スリーポインテッド・スター」の愛称で呼ばれるこの建物は、高さ7メートルの傾斜した72本のコンクリート杭の上に建っている。 元々、柱と柱の間にできた部分はすべてガラス張りだった。 杭の上には楕円形の土台が載っており、その長軸は建物と平行に走り、その上に1階スラブを含むブロックと直角に非常に細長い長方形が聳えている。 このような要素の配置は、コンクリート構造のような曲げによって機能する構造に対応するものだが、この場合、当時の美的理由にも対応するものである。 3つの建物とも、素材の経済性を追求した結果、複雑な形になっている。 事務局ビルの主要な金属製の梁は、その両端が荷重の落差を表現する勾配になっている。 オフィスの片持ち梁面も同様に支持スラブの厚みを減らしているため、これらの部屋の屋根は水平ではなく、上向きに傾斜しており、ファサードのガラス面の効果を高めている。

鉄筋コンクリートを使用することで、ベース構造を形成し、その上に上層階を建設する湾曲した型枠を支えるのに十分な強度の柱を建てることが可能になった。 これらの柱は1階を解放し、近代建築の前提に従ってファサードを高くすることを可能にしている。

コンクリートの折れ曲がりと、挑戦的な形をした柱の輪郭は、ほとんど何でも要求できる素材の、自由なバリエーションのように見える。 事務局の72本の杭は、基部は細長い楕円形で内側に傾斜しており、上部はコンソールによって延長されている。

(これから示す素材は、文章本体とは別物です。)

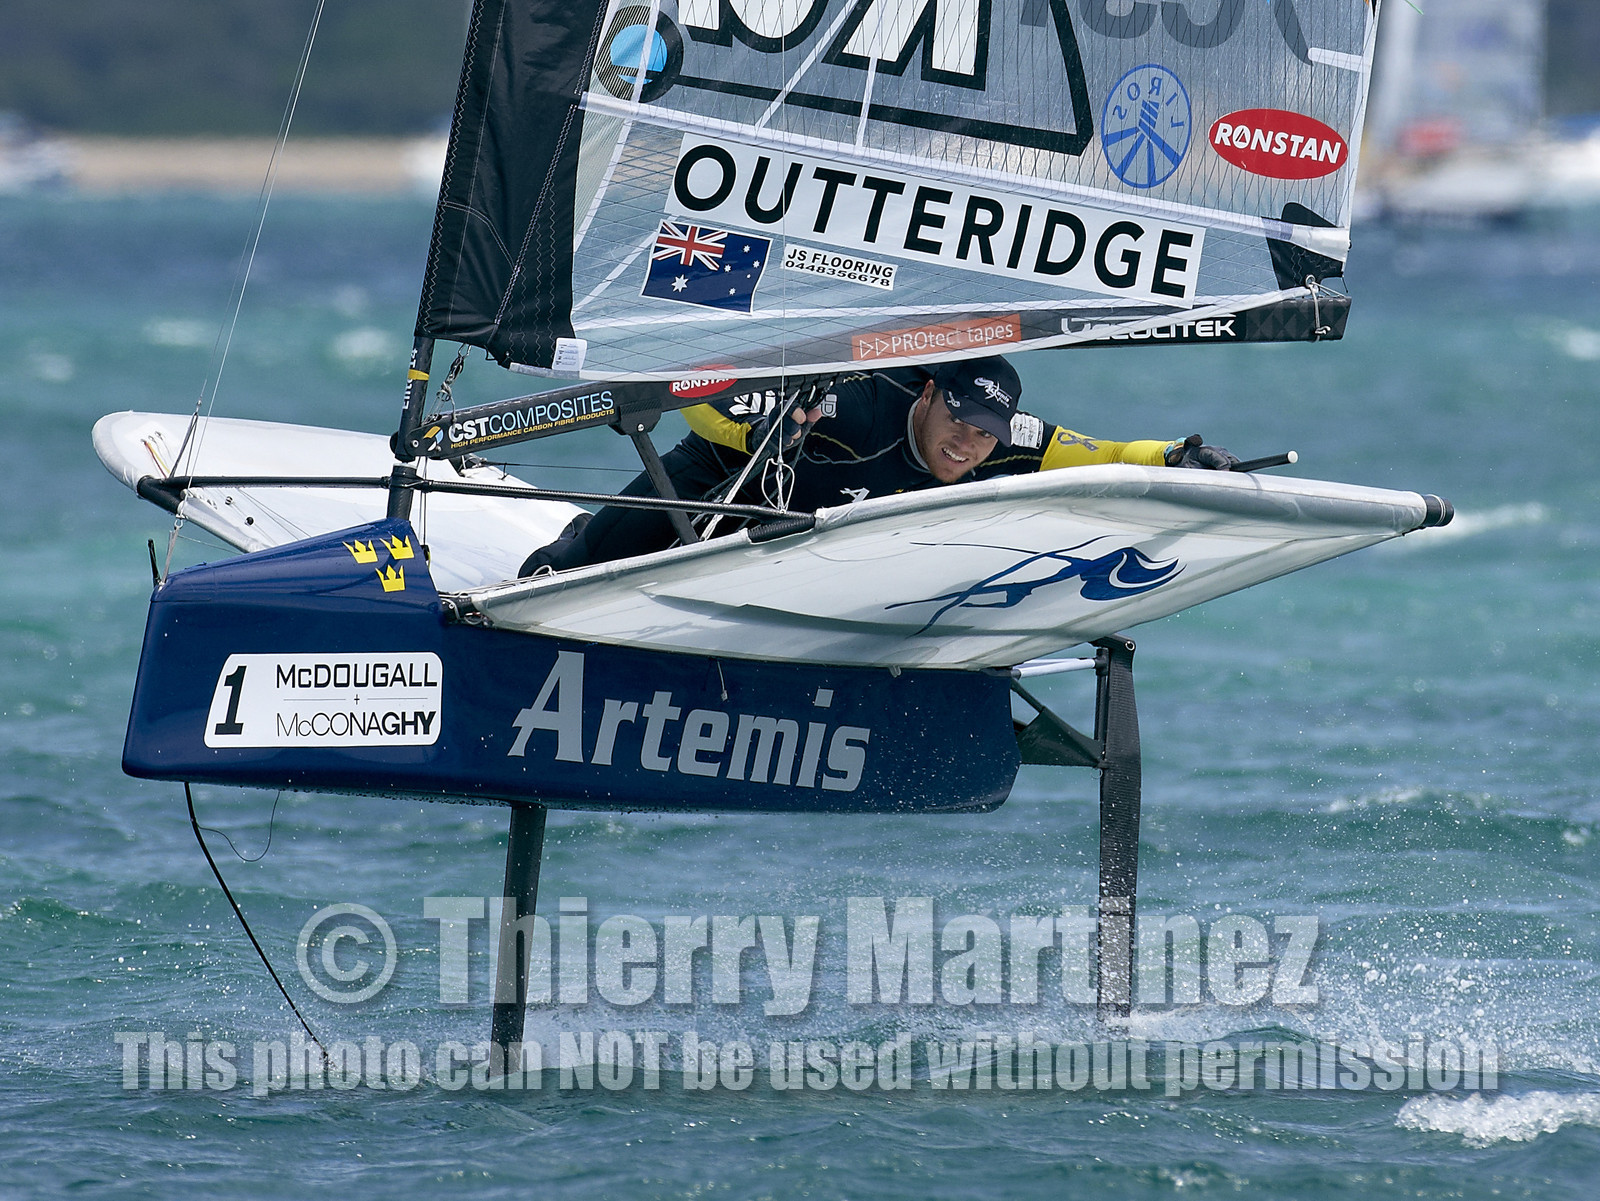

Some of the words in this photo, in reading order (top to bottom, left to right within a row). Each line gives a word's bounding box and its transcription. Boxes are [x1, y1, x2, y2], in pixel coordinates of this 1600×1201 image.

門型フレーム構造に杭を使用することで、軸を細くすることが可能になり、その基部の楕円が上部柱の軸に垂直に配置されている場合、これは建物の横方向の剛性を確保するために行われた。 このダイナミックな配置によって、杭を6メートル間隔で配置することも可能になった。

外部螺旋階段

事務局ビルの棟のひとつには、消防隊が使用するコンクリート製の螺旋階段がある。 中央の柱には給水口がある。 ファサードと各階から水平の仕切り棒が現れ、その上にトラバーチンの階段がある。 火災が発生した場合、ユネスコの職員は建物内の階段から避難するため、この階段は消防隊専用となる。

会議棟

アッセンブリーホールは、台形型の間取りで、コンクリート屋根の上に壁を載せた耐力構造になっている。 構造全体には開口部がなく、35cmの折りたたみスラット状の壁は、安定性を高め、開放的な大空間に必要な厚みを減らすだけでなく、天井の静的応力に抵抗し、音響機能をカバーする。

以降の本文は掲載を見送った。